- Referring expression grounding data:

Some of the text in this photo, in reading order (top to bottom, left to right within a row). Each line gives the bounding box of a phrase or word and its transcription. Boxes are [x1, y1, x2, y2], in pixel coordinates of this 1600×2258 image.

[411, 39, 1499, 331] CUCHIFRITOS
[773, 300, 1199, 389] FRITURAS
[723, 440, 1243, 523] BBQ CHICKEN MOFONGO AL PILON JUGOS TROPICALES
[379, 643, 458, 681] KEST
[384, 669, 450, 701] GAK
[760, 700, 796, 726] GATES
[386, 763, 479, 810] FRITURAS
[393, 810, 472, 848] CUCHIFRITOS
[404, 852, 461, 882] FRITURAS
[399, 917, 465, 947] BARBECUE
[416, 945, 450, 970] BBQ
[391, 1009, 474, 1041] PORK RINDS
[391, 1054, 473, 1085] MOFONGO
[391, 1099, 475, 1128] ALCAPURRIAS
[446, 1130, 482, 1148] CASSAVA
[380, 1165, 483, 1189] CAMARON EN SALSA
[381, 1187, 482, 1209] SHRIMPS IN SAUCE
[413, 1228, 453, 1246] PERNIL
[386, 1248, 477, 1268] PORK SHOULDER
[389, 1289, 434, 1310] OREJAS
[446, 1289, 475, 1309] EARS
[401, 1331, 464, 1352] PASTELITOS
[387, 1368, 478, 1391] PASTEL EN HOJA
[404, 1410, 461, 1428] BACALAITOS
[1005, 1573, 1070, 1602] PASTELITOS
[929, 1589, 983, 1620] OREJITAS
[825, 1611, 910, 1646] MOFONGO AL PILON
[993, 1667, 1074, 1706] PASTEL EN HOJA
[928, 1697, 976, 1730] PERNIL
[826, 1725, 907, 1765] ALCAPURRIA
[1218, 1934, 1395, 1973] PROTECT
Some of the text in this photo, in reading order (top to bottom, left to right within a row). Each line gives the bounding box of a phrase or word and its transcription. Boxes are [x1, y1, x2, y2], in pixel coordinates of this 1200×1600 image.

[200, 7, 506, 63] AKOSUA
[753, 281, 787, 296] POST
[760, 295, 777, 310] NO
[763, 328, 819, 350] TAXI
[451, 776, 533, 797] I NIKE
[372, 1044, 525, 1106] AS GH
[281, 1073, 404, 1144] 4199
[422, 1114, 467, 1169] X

- WHAT TO DO:
Write out all of the records above exactly as they appear.

- REPLY:
Some of the text in this photo, in reading order (top to bottom, left to right within a row). Each line gives the bounding box of a phrase or word and its transcription. Boxes are [x1, y1, x2, y2], in pixel coordinates of this 1600×2258 image.

[411, 39, 1499, 331] CUCHIFRITOS
[773, 300, 1199, 389] FRITURAS
[723, 440, 1243, 523] BBQ CHICKEN MOFONGO AL PILON JUGOS TROPICALES
[379, 643, 458, 681] KEST
[384, 669, 450, 701] GAK
[760, 700, 796, 726] GATES
[386, 763, 479, 810] FRITURAS
[393, 810, 472, 848] CUCHIFRITOS
[404, 852, 461, 882] FRITURAS
[399, 917, 465, 947] BARBECUE
[416, 945, 450, 970] BBQ
[391, 1009, 474, 1041] PORK RINDS
[391, 1054, 473, 1085] MOFONGO
[391, 1099, 475, 1128] ALCAPURRIAS
[446, 1130, 482, 1148] CASSAVA
[380, 1165, 483, 1189] CAMARON EN SALSA
[381, 1187, 482, 1209] SHRIMPS IN SAUCE
[413, 1228, 453, 1246] PERNIL
[386, 1248, 477, 1268] PORK SHOULDER
[389, 1289, 434, 1310] OREJAS
[446, 1289, 475, 1309] EARS
[401, 1331, 464, 1352] PASTELITOS
[387, 1368, 478, 1391] PASTEL EN HOJA
[404, 1410, 461, 1428] BACALAITOS
[1005, 1573, 1070, 1602] PASTELITOS
[929, 1589, 983, 1620] OREJITAS
[825, 1611, 910, 1646] MOFONGO AL PILON
[993, 1667, 1074, 1706] PASTEL EN HOJA
[928, 1697, 976, 1730] PERNIL
[826, 1725, 907, 1765] ALCAPURRIA
[1218, 1934, 1395, 1973] PROTECT
Some of the text in this photo, in reading order (top to bottom, left to right within a row). Each line gives the bounding box of a phrase or word and its transcription. Boxes are [x1, y1, x2, y2], in pixel coordinates of this 1200×1600 image.

[200, 7, 506, 63] AKOSUA
[753, 281, 787, 296] POST
[760, 295, 777, 310] NO
[763, 328, 819, 350] TAXI
[451, 776, 533, 797] I NIKE
[372, 1044, 525, 1106] AS GH
[281, 1073, 404, 1144] 4199
[422, 1114, 467, 1169] X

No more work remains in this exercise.